◆ EXERCISE AIM:
Every record below should be repeated word for word, with the pictures left out.

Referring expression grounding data
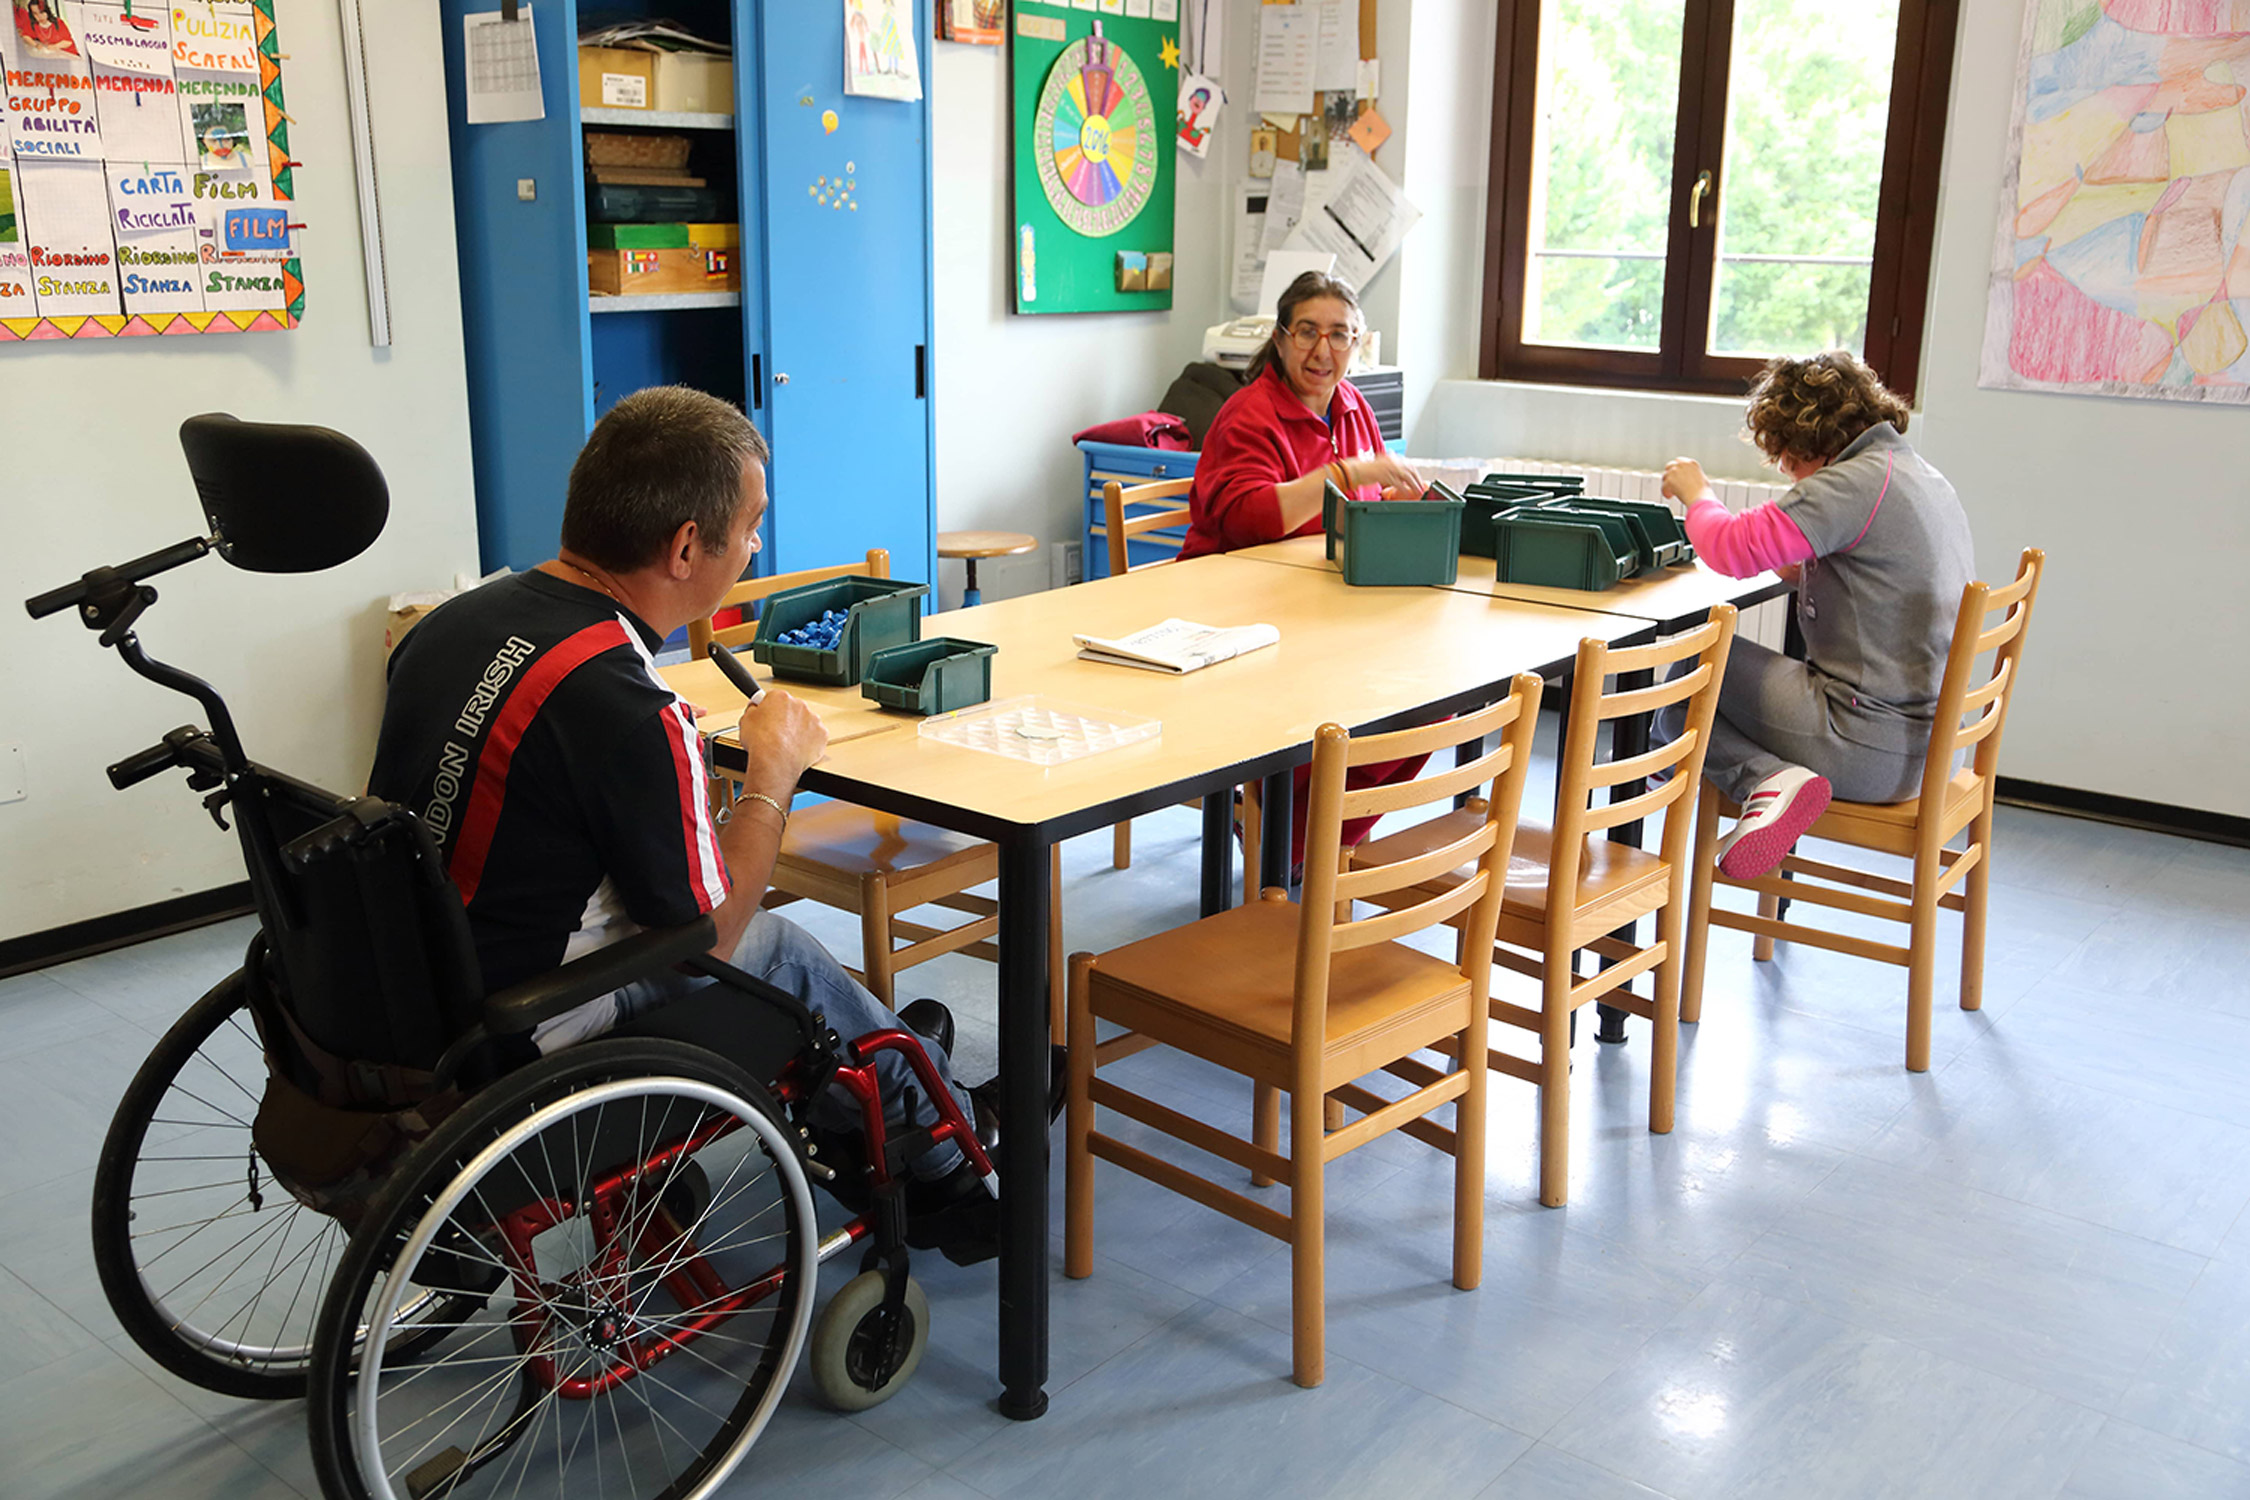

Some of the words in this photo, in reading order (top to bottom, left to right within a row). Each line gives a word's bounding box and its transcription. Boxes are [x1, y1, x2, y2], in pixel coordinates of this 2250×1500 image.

[172, 8, 253, 41] PULIZIA
[7, 70, 92, 90] MERENDA
[96, 75, 175, 94] MERENDA
[179, 80, 260, 97] MERENDA
[8, 96, 81, 115] GRUPPO
[15, 139, 81, 154] SOCIALI
[1084, 126, 1110, 155] 2016
[120, 171, 183, 195] CARTA
[118, 202, 196, 229] RICICLATA
[229, 217, 285, 239] FILM
[38, 275, 110, 296] STANZA
[124, 273, 193, 294] STANZA
[206, 271, 285, 293] STANZA
[455, 635, 536, 738] IRISH

◆ COMPLETED EXERCISE:
Some of the words in this photo, in reading order (top to bottom, left to right within a row). Each line gives a word's bounding box and its transcription. Boxes are [x1, y1, x2, y2], in pixel coordinates of this 2250×1500 image.

[172, 8, 253, 41] PULIZIA
[7, 70, 92, 90] MERENDA
[96, 75, 175, 94] MERENDA
[179, 80, 260, 97] MERENDA
[8, 96, 81, 115] GRUPPO
[15, 139, 81, 154] SOCIALI
[1084, 126, 1110, 155] 2016
[120, 171, 183, 195] CARTA
[118, 202, 196, 229] RICICLATA
[229, 217, 285, 239] FILM
[38, 275, 110, 296] STANZA
[124, 273, 193, 294] STANZA
[206, 271, 285, 293] STANZA
[455, 635, 536, 738] IRISH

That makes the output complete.